Dr. Tan Loke Mun is the founder and Director of ArchiCentre Sdn. Bhd, DTLM Design Group and principal of DrTanLM Architect, architectural design studios in Subang Jaya, Malaysia. He is best known for having designed the first Green Building Index Platinum rated house in Malaysia, the S11 House.

==Biography==
Born and raised in Petaling Jaya, Malaysia, Tan obtained his architectural training from Deakin University, Australia during the 1980s. He later received his doctorate from The University of Melbourne, Australia. His doctoral studies were in social and self-help housing and he has worked in many urban and rural parts of Australia, Uruguay, and Argentina.

He founded ArchiCentre in 1994.

He is a past president of the Malaysian Institute of Architects 2005–2007 (PAM), team leader who set up Green Building Index Malaysia (GBI), past chairman of the LAM-PAM Green Building and Sustainability Committee, past member of the GBI Accreditation Panel (GBIAP) and also a member of the Board of Architects Malaysia.

The S11 House is Malaysia’s first Green Building Index Platinum-rated work for domestic architecture.

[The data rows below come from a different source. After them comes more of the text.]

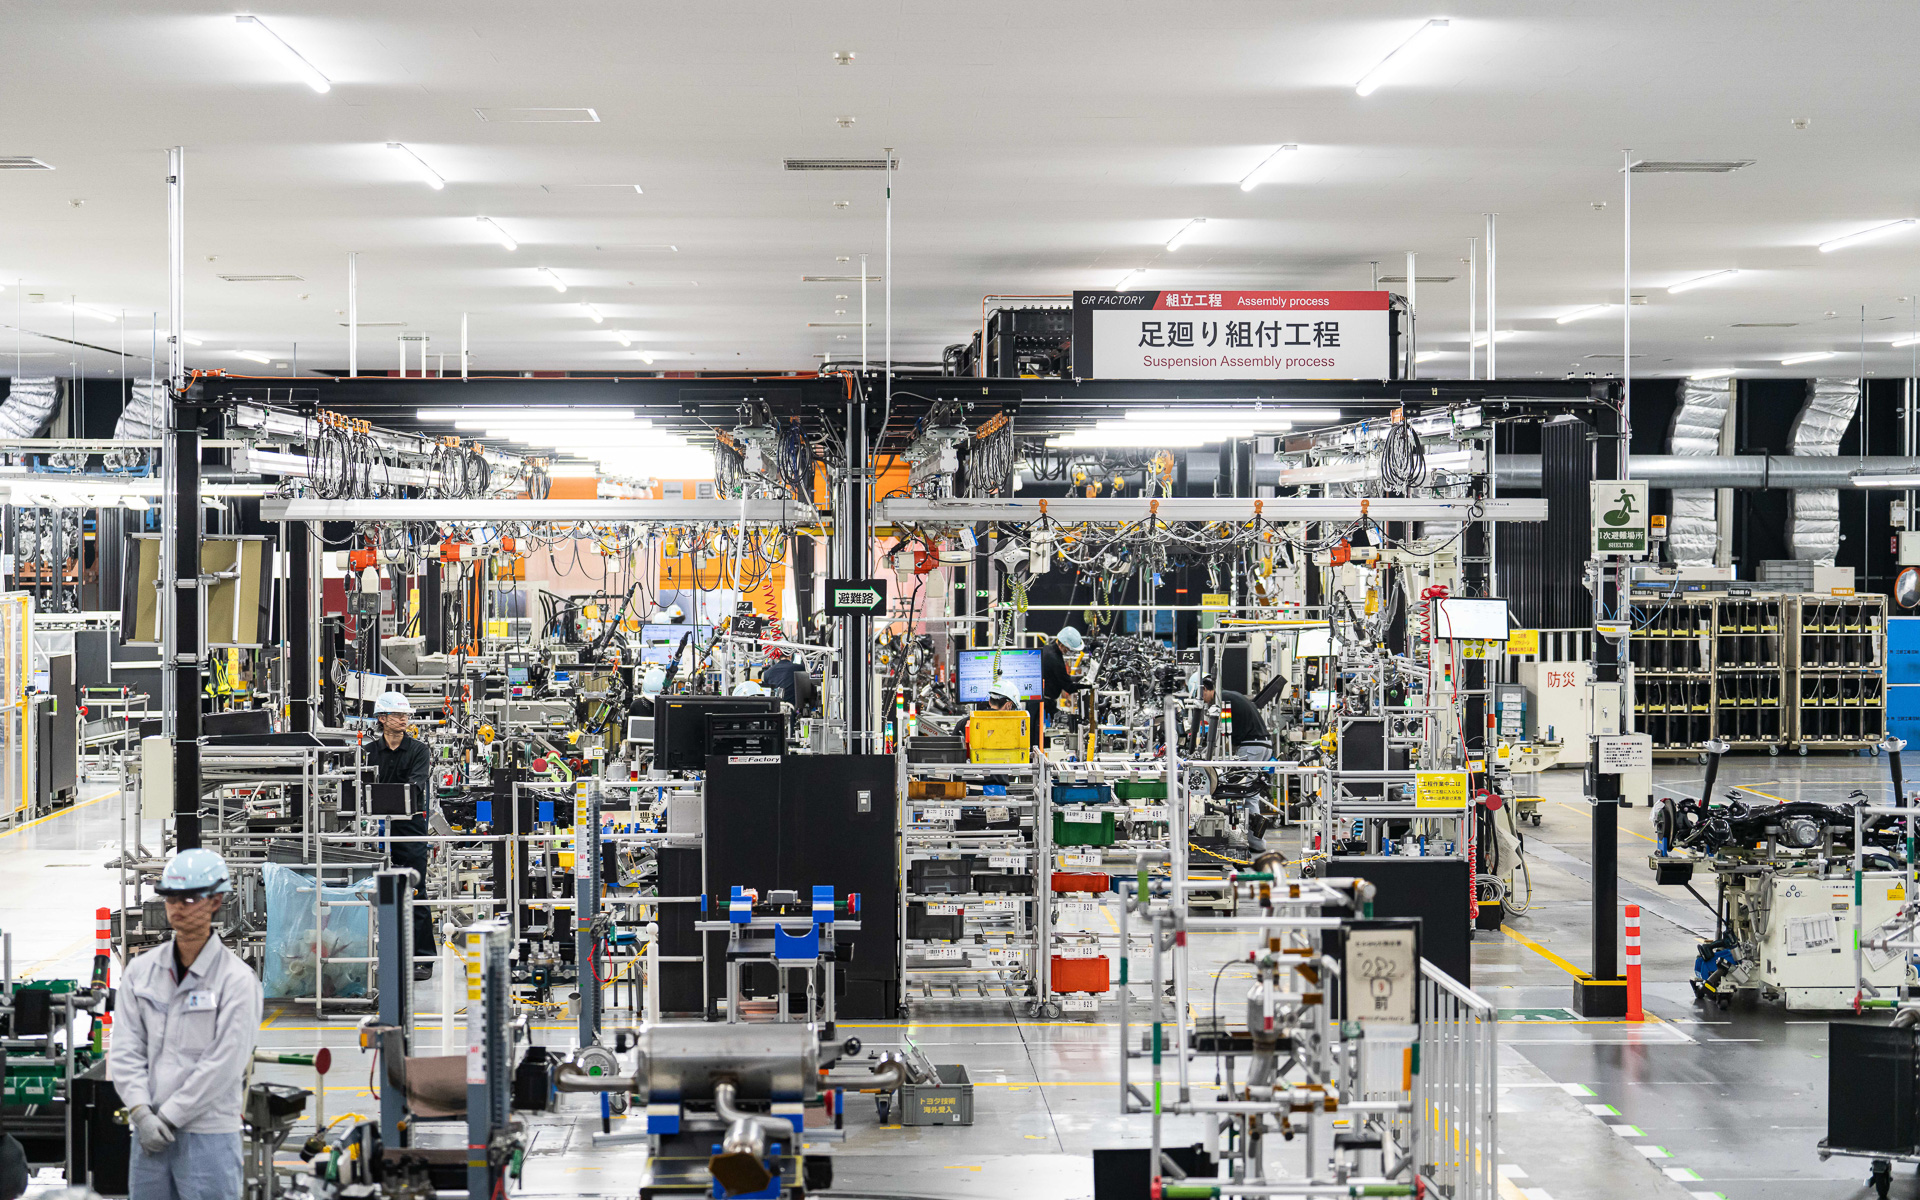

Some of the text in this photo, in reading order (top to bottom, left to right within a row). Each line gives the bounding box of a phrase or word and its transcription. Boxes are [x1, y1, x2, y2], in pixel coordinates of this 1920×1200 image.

[1081, 296, 1144, 304] GR FACTORY
[1166, 293, 1222, 307] 組立工程
[1237, 296, 1330, 307] Assembly process
[1138, 320, 1341, 348] 足廻り組付工程
[1143, 355, 1334, 369] Suspension Assembly process
[838, 592, 873, 604] 避難路
[1548, 671, 1575, 688] 防災
[921, 723, 938, 736] TOYOTA
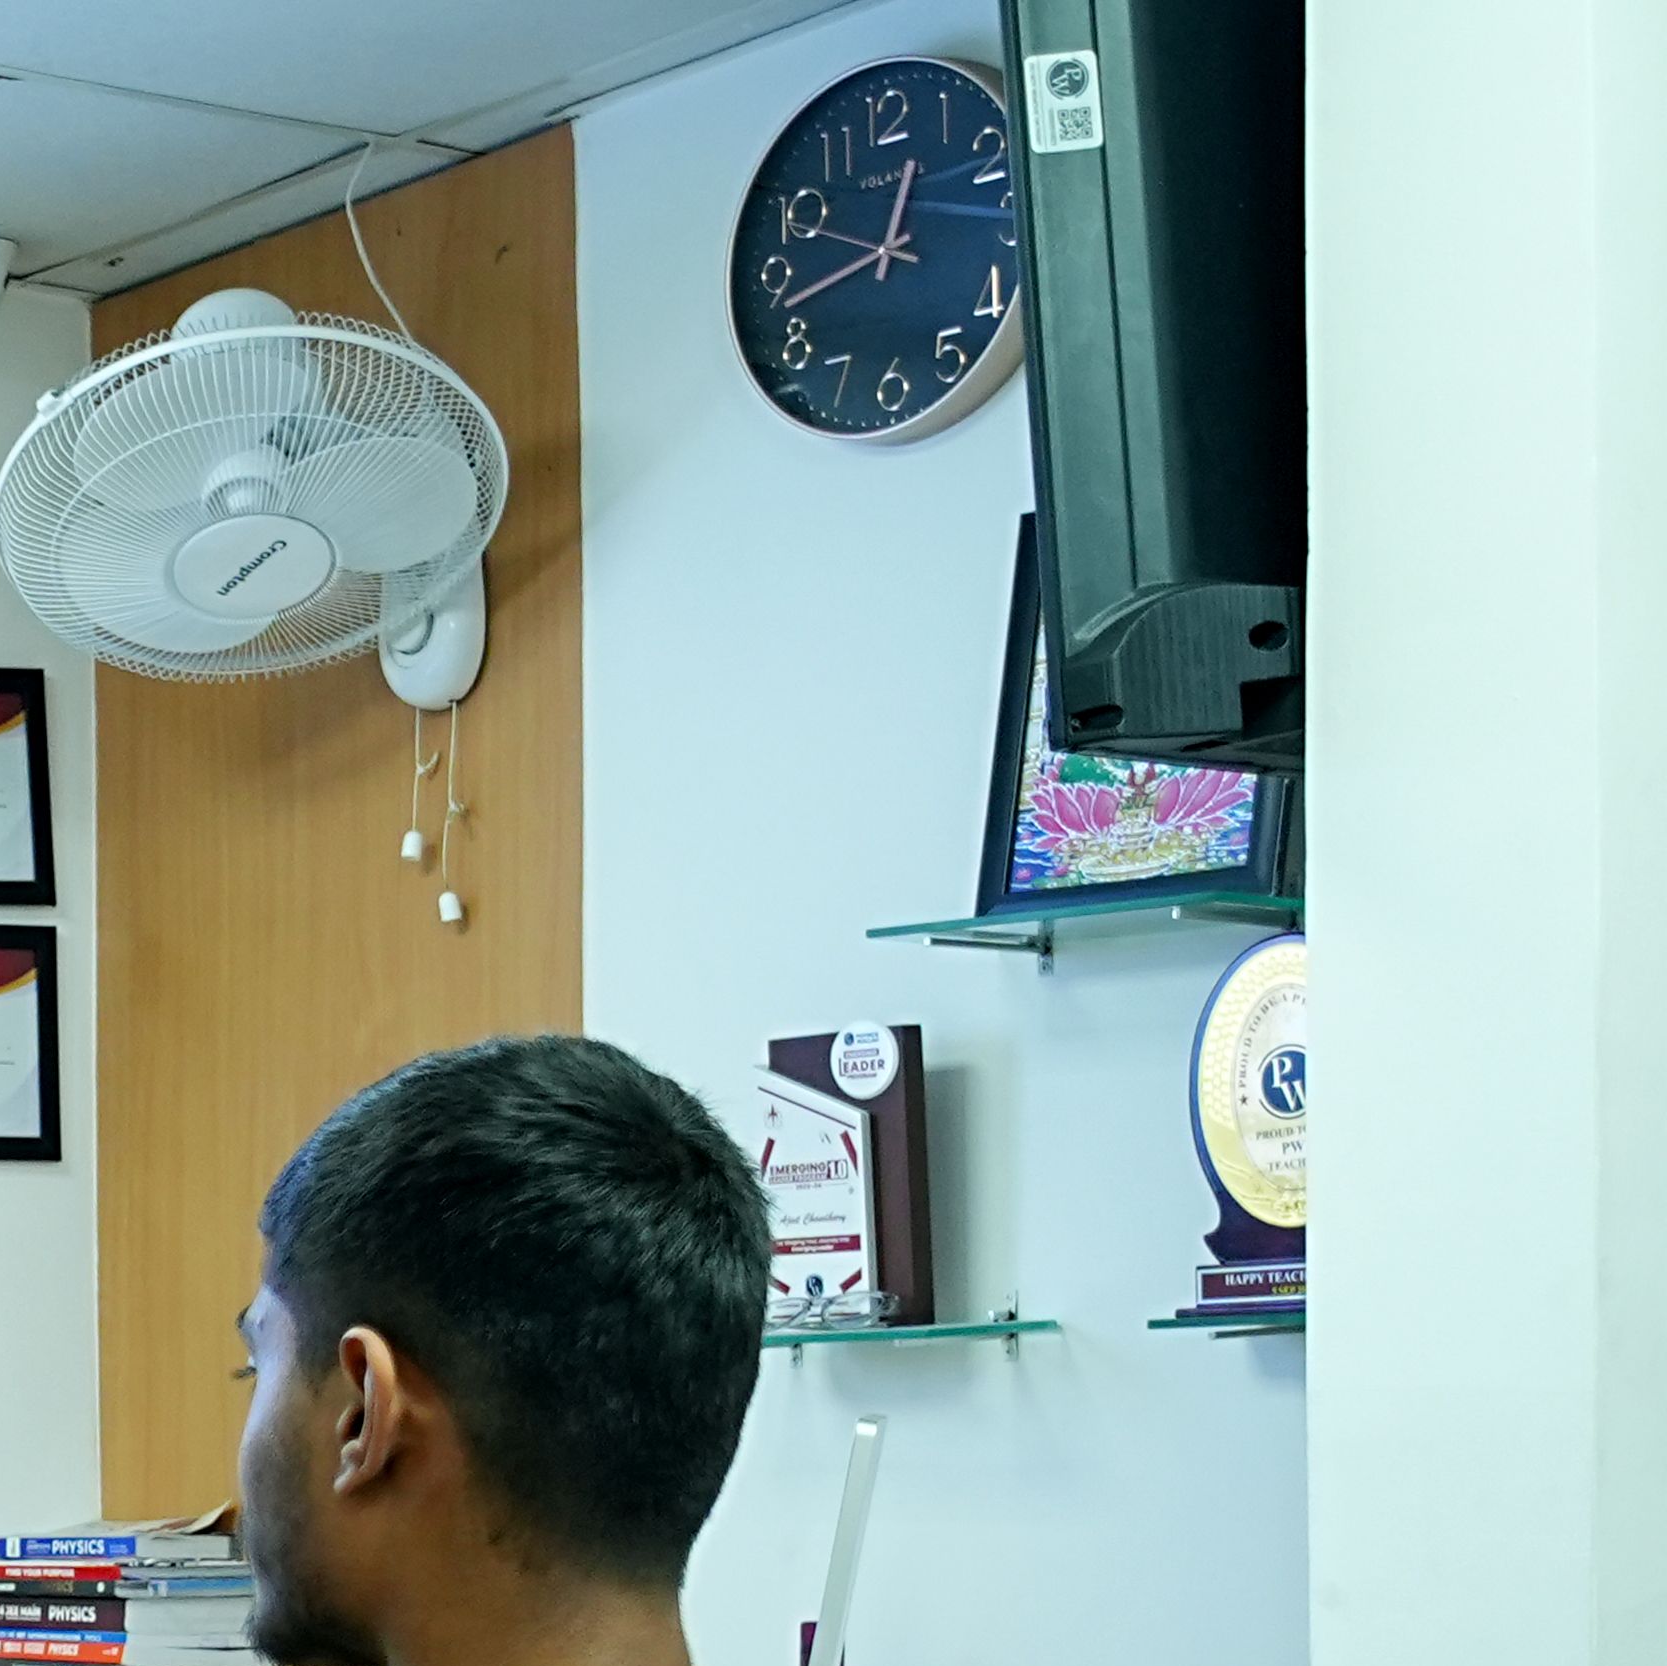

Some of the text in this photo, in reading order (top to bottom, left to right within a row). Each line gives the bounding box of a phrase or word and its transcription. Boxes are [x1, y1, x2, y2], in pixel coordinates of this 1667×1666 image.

[866, 90, 909, 148] 12
[939, 91, 948, 144] 1
[820, 126, 852, 182] 11
[972, 126, 1007, 185] 2
[777, 188, 827, 246] 10
[761, 255, 791, 309] 9
[972, 264, 1005, 319] 4
[782, 317, 811, 370] 8
[935, 325, 966, 384] 5
[824, 354, 852, 408] 7
[877, 356, 911, 412] 6
[216, 540, 287, 596] Crompton
[1225, 1273, 1265, 1286] HAPPY
[52, 1539, 104, 1556] PHYSICS
[48, 1604, 97, 1623] PHYSICS

It won the Tropical Building Category of the ASEAN Energy Awards in 2013, the Futurarc Green Leadership Award 2012, Gold medal in the Edge-PAM Green Home Award 2011, Gold Medal for the PAM-Edge Residential Award 2011, Winner of PAM Architectural Steel Colourbond Award 2011, Gold winner for Residential and Sustainable Categories of Asia Pacific Design Excellence Awards 2011 and Finalist for World Architecture Festival (WAF) Awards 2012. The S11 House while not the firm's largest project, it has been one of the firm's biggest ideological successes.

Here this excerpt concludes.